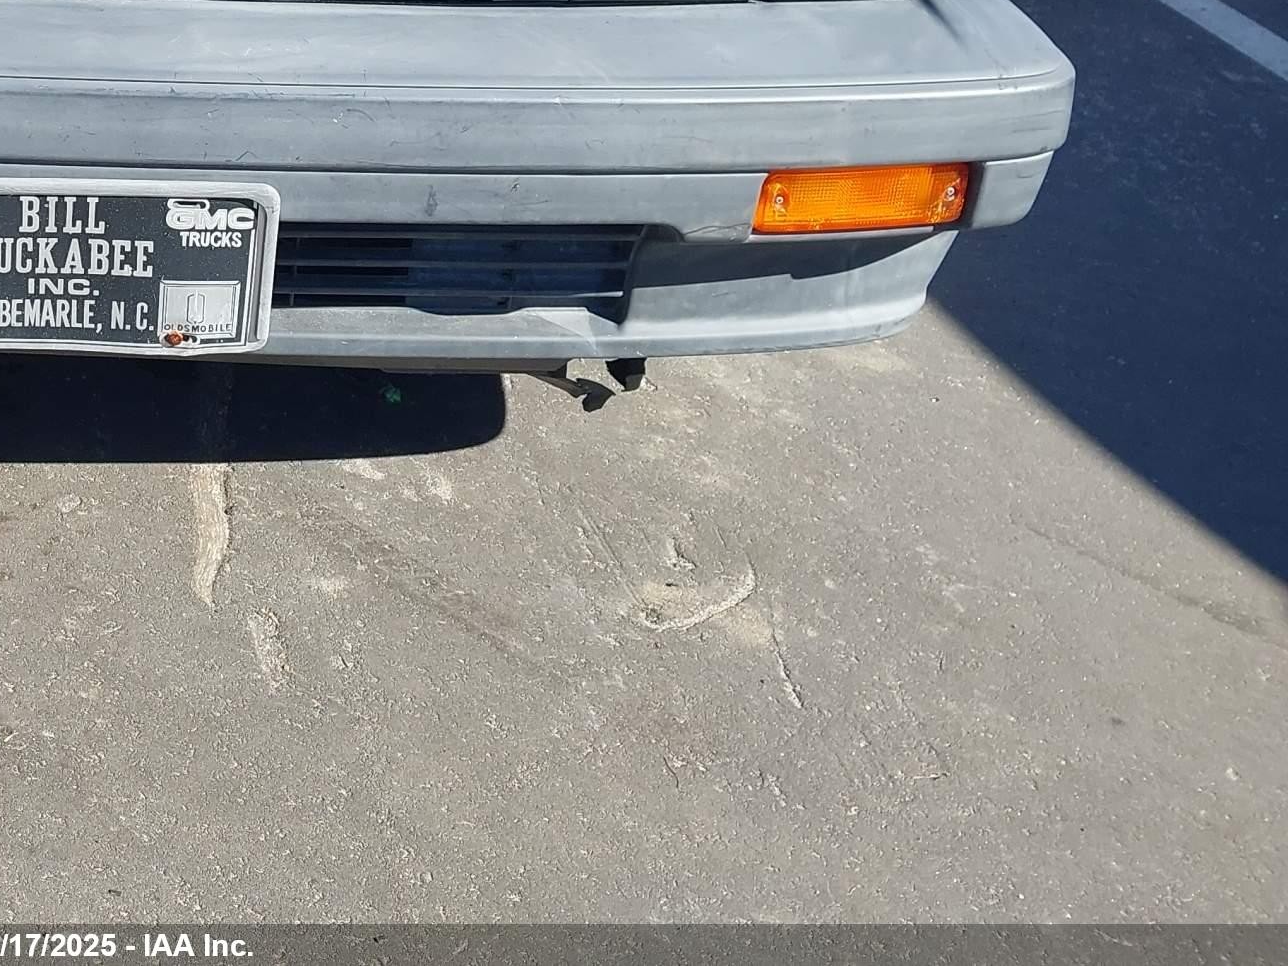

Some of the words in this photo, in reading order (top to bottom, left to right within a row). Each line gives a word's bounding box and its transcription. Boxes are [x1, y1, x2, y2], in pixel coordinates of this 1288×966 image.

[19, 196, 105, 234] BILL
[166, 207, 255, 230] GMC
[180, 231, 242, 248] TRUCKS
[27, 278, 100, 296] INC.
[163, 323, 232, 333] OLDSMOBILE

____________

**The task**
Your copy of the entries above must be exact and must not include pictures.

**Answer to the exercise**
Some of the words in this photo, in reading order (top to bottom, left to right within a row). Each line gives a word's bounding box and its transcription. Boxes are [x1, y1, x2, y2], in pixel coordinates of this 1288×966 image.

[19, 196, 105, 234] BILL
[166, 207, 255, 230] GMC
[180, 231, 242, 248] TRUCKS
[27, 278, 100, 296] INC.
[163, 323, 232, 333] OLDSMOBILE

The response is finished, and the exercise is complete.